The unlikely "story" at that concert was of the guy who beat his wife to death with two banjos.

porkbelly

June 6th, 2009 9:51pm Report this comment

Gilliam Welch was actually born in the piney woods of Manhattan and raised in the coal country of Brentwood, California (a posh part of Los Angeles where the show biz big money resides). Some pretty amazing reinvention here, no doubt.

ndm

June 6th, 2009 11:06pm Report this comment

The mention of gospel reminded me of my favourite gospel song - Were you there? by the Soul Stirrers. For their young lead vocalist, the tragic pop-music career of the great Sam Cooke was still a decade away.

This version is interesting because they left in some initial misfires on the song, then after a minute or so the Soul Stirrers fire up with the definitive take 5.

Alex Massie

June 7th, 2009 12:37am Report this comment

Porkbelly: Sure, Gillian Welch did not grow up in a "country" town. But so what? The genius of country music is that it is not limited to such narrow-minded thinking. It draws on, and borrows from, and owes much to, many genres and that is the point.

But you know this, I hope. After all, the Bakersfield sound is, well, Californian...

porkbelly

June 7th, 2009 1:06am Report this comment

If Gillian Welch were playing non-traditional country, sure. Hell, if she were playing Buck Owens (since you bring up Bakersfield) that would be fine. But her faux-authenticity rings false to me: it sounds like a carefully-crafted act where the nature of country music is that the story the song tells is real, and if it didn't actually happen to the singer it might as well have.
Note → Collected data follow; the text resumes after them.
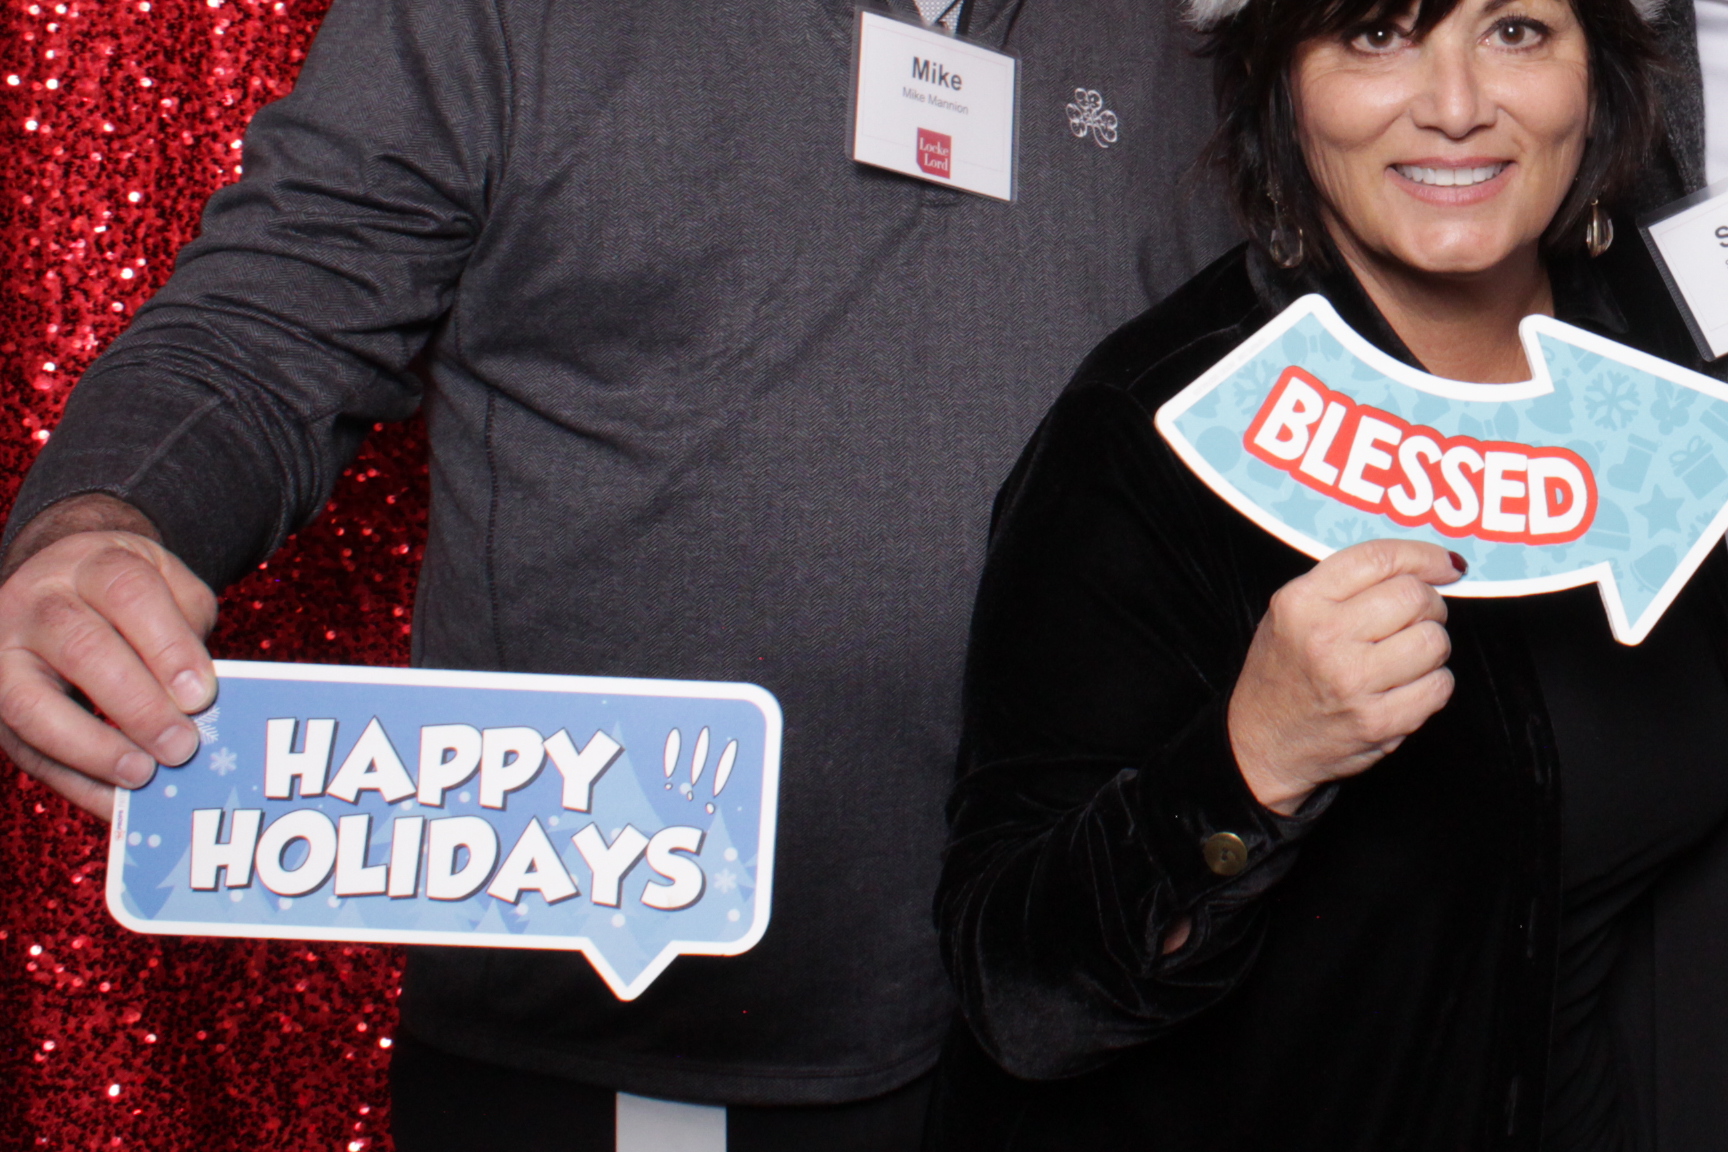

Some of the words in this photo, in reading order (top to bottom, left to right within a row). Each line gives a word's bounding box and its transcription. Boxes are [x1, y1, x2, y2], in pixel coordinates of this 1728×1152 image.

[911, 56, 963, 91] Mike
[902, 87, 926, 103] Mike
[928, 94, 969, 115] Mannion
[919, 138, 949, 156] Locke
[924, 153, 949, 171] Lord
[1253, 376, 1588, 535] BLESSED
[264, 716, 625, 813] HAPPY
[189, 808, 708, 911] HOLIDAYS
Imagine if Loretta Lynn sang "Coal Miner's Daughter" and it turned out her father was a sociology professor...the song would have a very different meaning, wouldn't it? Not to gainsay Gillian Welch's talent as a song-writer but her persona seems fake to me.

ndm

June 7th, 2009 3:25am Report this comment

The "country" credentials of Gillian Welch are certainly no worse than those of Kris Kristofferson. As Wikipedia puts it:

Kristofferson was born in Brownsville, Texas, to parents Mary Ann (née Ashbrook) and Lars Henry Kristofferson, a U.S. Air Force major general.[1] When Kris was a child, his father pushed his son toward a military career (Kristofferson's paternal grandfather was an officer in the Swedish Army).[2] Like most military brats, he moved around frequently as a youth, finally settling down in San Mateo, California, where he graduated from San Mateo High School. An aspiring writer, Kristofferson enrolled in Pomona College in 1954. He experienced his first dose of fame when he appeared in Sports Illustrated's "Faces In The Crowd" for his achievements in collegiate rugby union, football, and track and field. He and fellow classmates revived the Claremont Colleges Rugby Club in 1958, which has remained a Southern California rugby dynasty. Kristofferson became a member of Phi Beta Kappa at Pomona College, graduating in 1958 with a BA, summa cum laude in Literature.

Kristofferson earned a Rhodes Scholarship to Oxford University, where his college was Merton. While at Oxford he was awarded his blue for boxing and began writing songs.

San Mateo [essentially Silicon Valley], Claremont Colleges and Oxford doesn't make Kristofferson the Coalminers Son. But, so what?

MattF

June 7th, 2009 11:47am Report this comment

Welsh and Rawlings are musicians-- and wonderful ones-- highly capable, highly educated, and highly sophisticated in their craft. And that's a good thing. Whatever genre they want to perform in, I'm fine with it.

Bill Breen

June 30th, 2009 2:31pm Report this comment

Even if Welch is "neo-authentic," her songs are transcendent, especially live, when Rawlings can stretch out on guitar. What's troubling: as ndm notes, Welch has apparently abandoned her songs. She hasn't toured solo or released an album in several years. Her upcoming (East Coast, US) tour w/ the DR Machine and other bands sounds like it will keep her stuff mostly
out of the spotlight. A press release for that tour says she's working on a DR Machine album, "which may never be released." That's tongue-in-cheek, of course. But it begs the question: Why has Gillian Welch apparently stopped performing her own songs?